Supplied material START
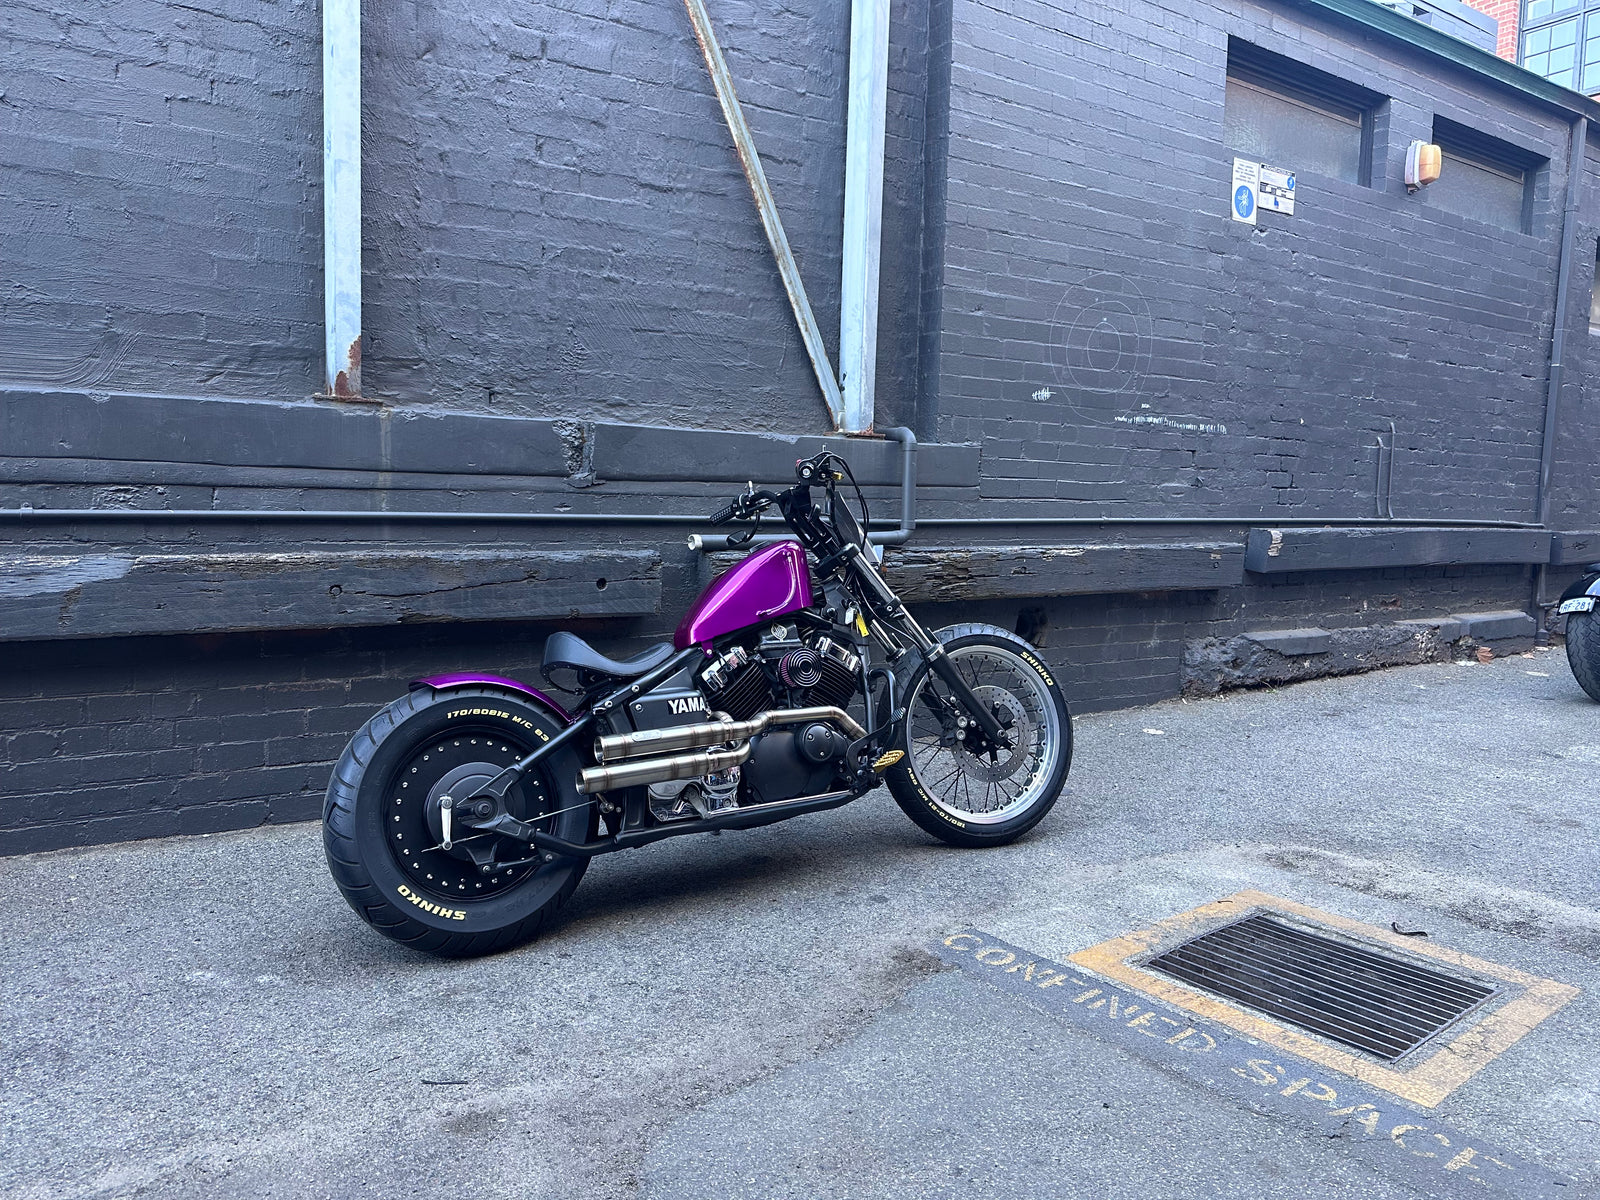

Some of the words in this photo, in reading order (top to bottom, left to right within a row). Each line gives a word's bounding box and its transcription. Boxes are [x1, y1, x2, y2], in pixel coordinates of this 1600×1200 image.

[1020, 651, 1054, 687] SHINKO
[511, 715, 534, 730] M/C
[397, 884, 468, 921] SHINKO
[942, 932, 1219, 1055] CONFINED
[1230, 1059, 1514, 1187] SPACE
Supplied material END
Exercise goal: For the data above, return an exact copy that contains no pictures.

Exercise output:
Some of the words in this photo, in reading order (top to bottom, left to right within a row). Each line gives a word's bounding box and its transcription. Boxes are [x1, y1, x2, y2], in pixel coordinates of this 1600×1200 image.

[1020, 651, 1054, 687] SHINKO
[511, 715, 534, 730] M/C
[397, 884, 468, 921] SHINKO
[942, 932, 1219, 1055] CONFINED
[1230, 1059, 1514, 1187] SPACE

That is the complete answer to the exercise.